Yes, the sudo command has a security bug. But, in the real world, it's hard to see how it could be used against you.
Written by Steven Vaughan-Nichols, Senior Contributing Editor

There's a lot of hubbub out there now about a security hole in the Unix/Linux family's sudo command. Sudo is the command, which enables normal users to run commands as if they were the root user, aka the system administrator. While this sudo security vulnerability is a real problem and needs patching, it's not nearly as bad as some people make it out to be.

At first glance the problem looks like a bad one. With it, a user who is allowed to use sudo to run commands as any other user, except root, can still use it to run root commands. For this to happen, several things must be set up just wrong. 

First the sudo user group must give a user the right to use sudo but doesn't give the privilege of using it to run root commands. That can happen when you want a user to have the right to run specific commands that they wouldn't normally be able to use.  Next, sudo must be configured to allow a user to run commands as an arbitrary user via the ALL keyword in a Runas specification. 

The last has always been a stupid idea. As the sudo manual points out, "using ALL can be dangerous since in a command context, it allows the user to run any command on the system." In all my decades of working with Linux and Unix, I have never known anyone to set up sudo with ALL. 

That said, if you do have such an inherently broken system, it's then possible to run commands as root by specifying the user ID -1 or 4294967295. Thus, if the ALL keyword is listed first in the Runas specification, an otherwise restricted sudo user can then run root commands.

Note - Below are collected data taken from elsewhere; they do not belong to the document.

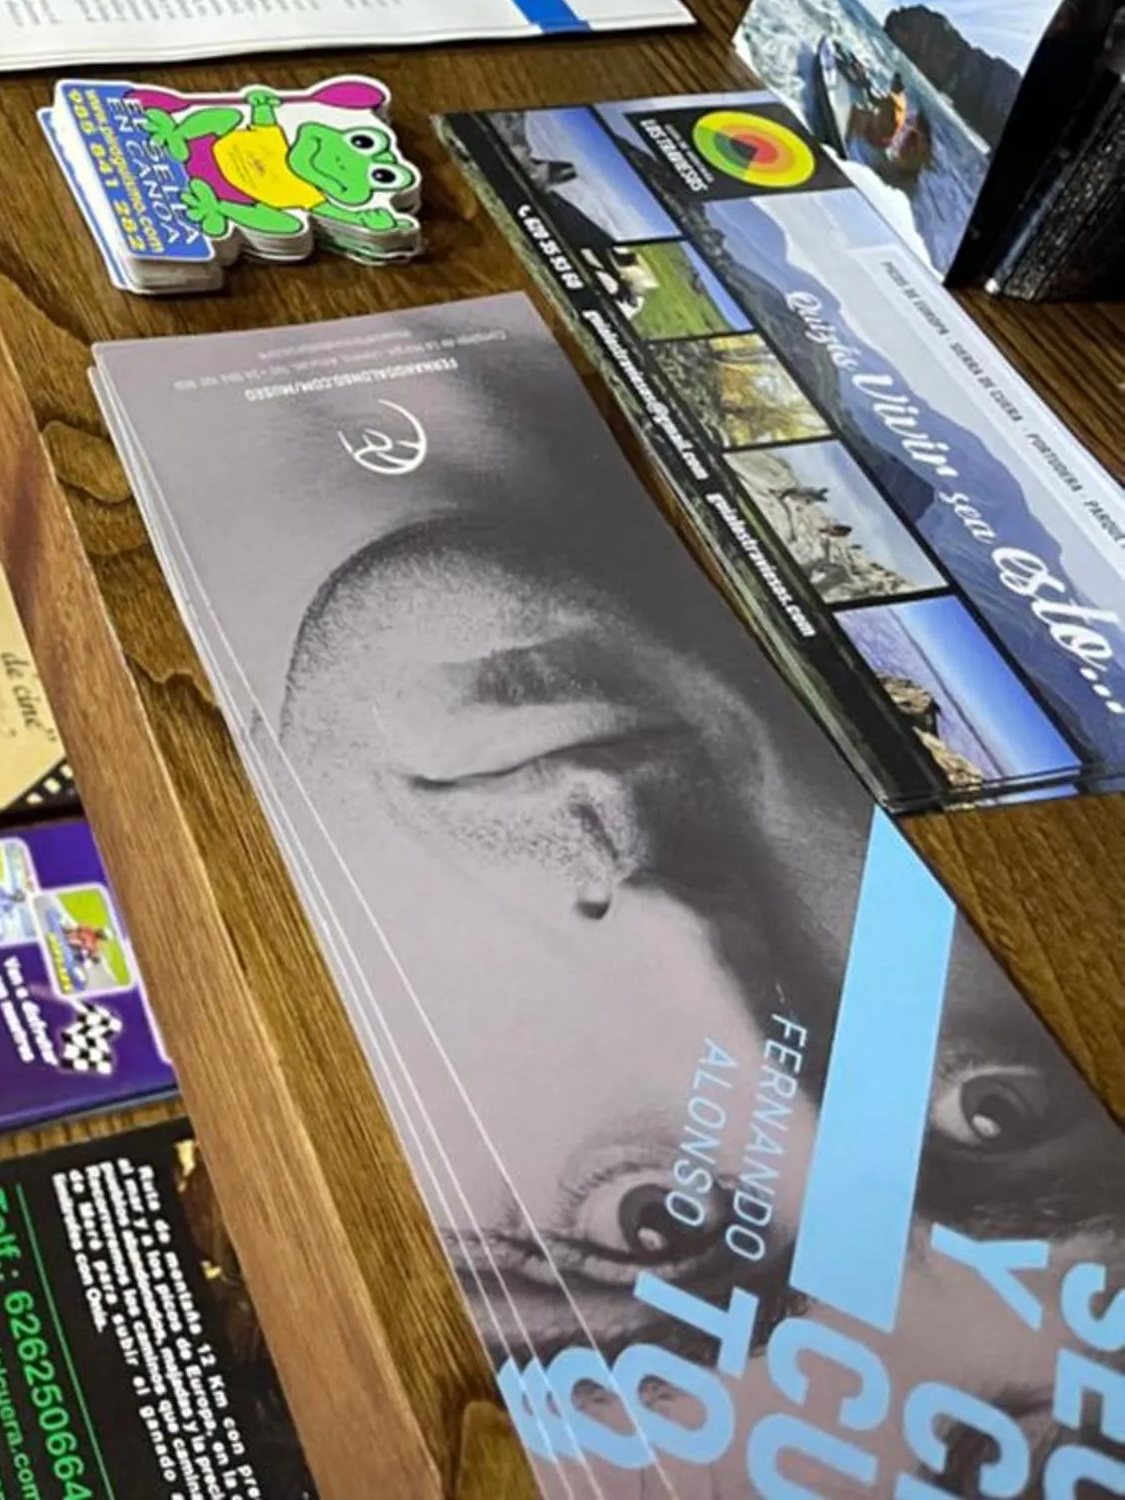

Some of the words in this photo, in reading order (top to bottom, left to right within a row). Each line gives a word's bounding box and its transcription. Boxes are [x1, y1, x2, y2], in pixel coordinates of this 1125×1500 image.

[106, 98, 131, 132] EN
[125, 140, 180, 244] CANOA
[146, 137, 200, 244] SELLA
[784, 289, 857, 376] Quizás
[851, 368, 957, 477] Vivir
[938, 475, 996, 543] sea
[664, 1037, 739, 1229] ALONSO
[725, 1012, 808, 1263] FERNANDO
[67, 1168, 86, 1194] de
[93, 1259, 116, 1305] para
[113, 1313, 139, 1367] subir
[139, 1405, 176, 1483] ganado
[74, 1252, 93, 1286] con
[122, 1288, 142, 1317] los
[133, 1319, 166, 1396] caminos
[156, 1399, 178, 1434] que
[137, 1165, 161, 1211] Ruta
[152, 1218, 172, 1244] de
[166, 1251, 202, 1335] montaña
[195, 1343, 214, 1367] 12
[206, 1375, 229, 1409] Km
[220, 1417, 244, 1455] con
[237, 1465, 261, 1500] pre
[146, 1250, 166, 1279] los
[156, 1282, 181, 1333] picos
[174, 1337, 194, 1361] de
[184, 1364, 218, 1438] Europa,
[210, 1441, 228, 1467] en
[931, 1222, 1050, 1332] Y
[3, 1289, 93, 1500] 626250664
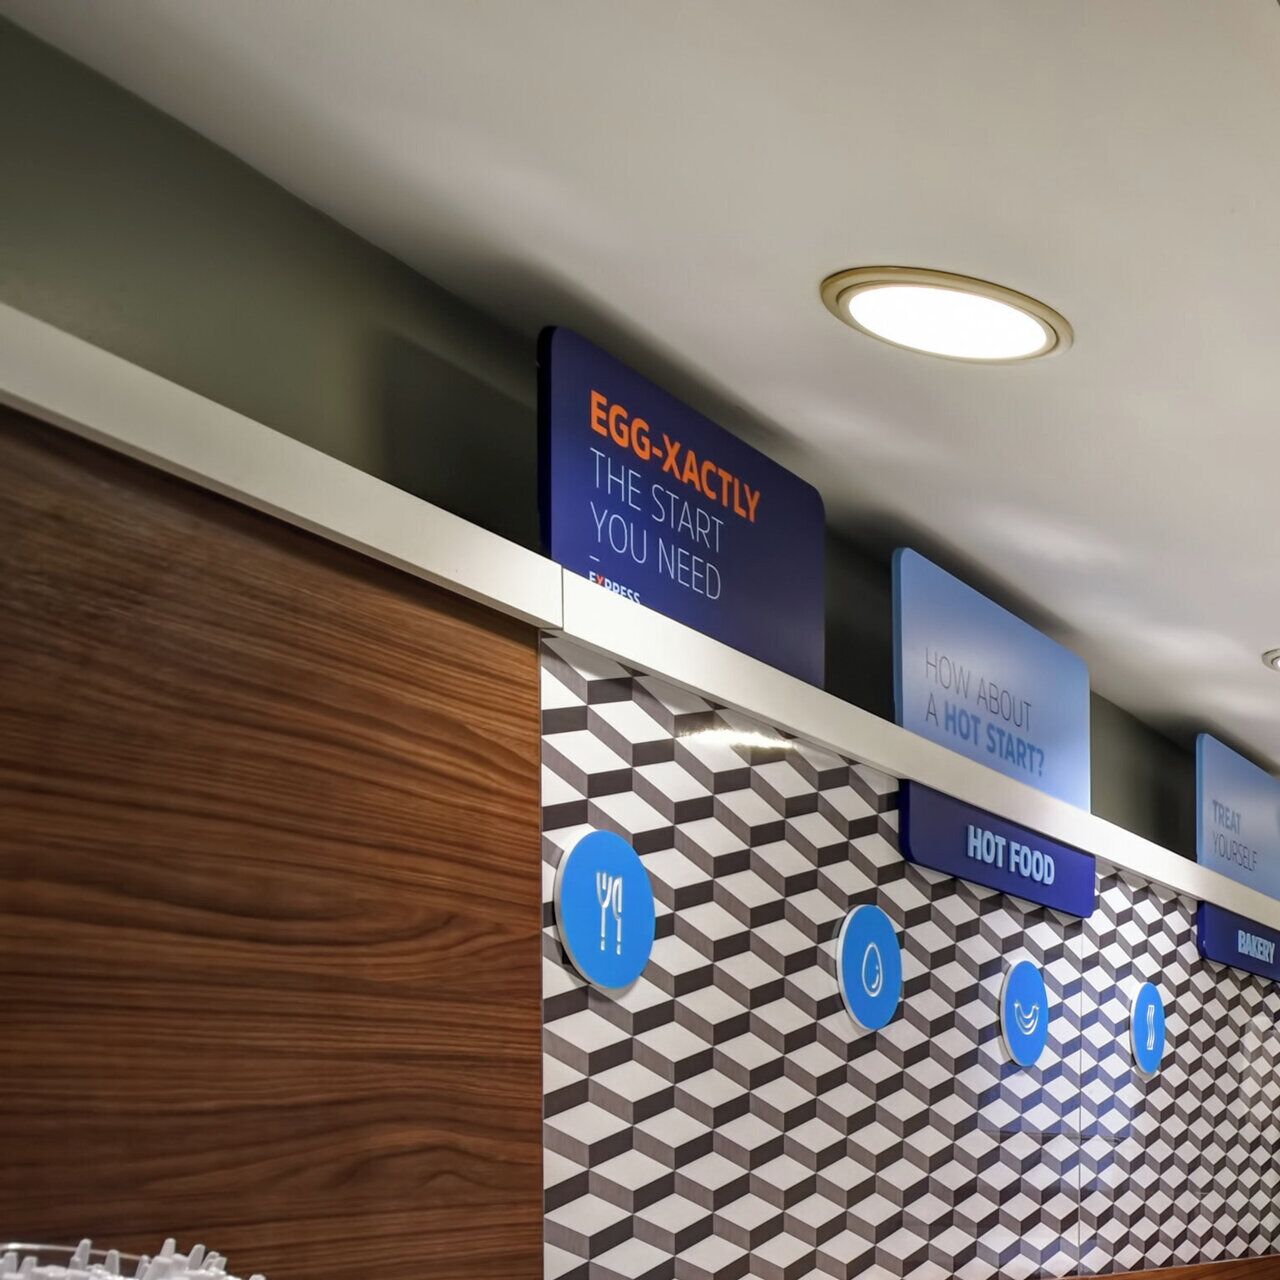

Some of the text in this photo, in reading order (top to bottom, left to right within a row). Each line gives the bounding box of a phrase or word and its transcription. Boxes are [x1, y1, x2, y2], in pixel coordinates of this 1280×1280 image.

[591, 390, 760, 523] EGG-XACTLY
[590, 447, 724, 553] THE START
[590, 501, 721, 600] YOU NEED
[925, 646, 1032, 733] HOW ABOUT
[925, 692, 1045, 777] A HOT START?
[967, 824, 1055, 886] HOT FOOD
[1212, 799, 1241, 836] TREAT
[1212, 831, 1258, 873] YOURSELF
[1237, 929, 1275, 964] BAKERY

Scary? Not really. It's pretty much a useless vulnerability. It won't mess you over if you have a fouled up sudo installation and the attacker is already a sudo user. 

As Yanick Fratantonio, a security expert and assistant professor at EURECOM, tweeted, "this sudo bug thingy is being extremely overhyped. I mean, it's a cool bug, but it seems relevant only in very very specific situations." 

And those, I might add, are ones you may never see in your Linux system administration life. That said, you should still patch sudo. Even unlikely bugs can still bite you. Patches should soon be available in all Unix and Linux distributions.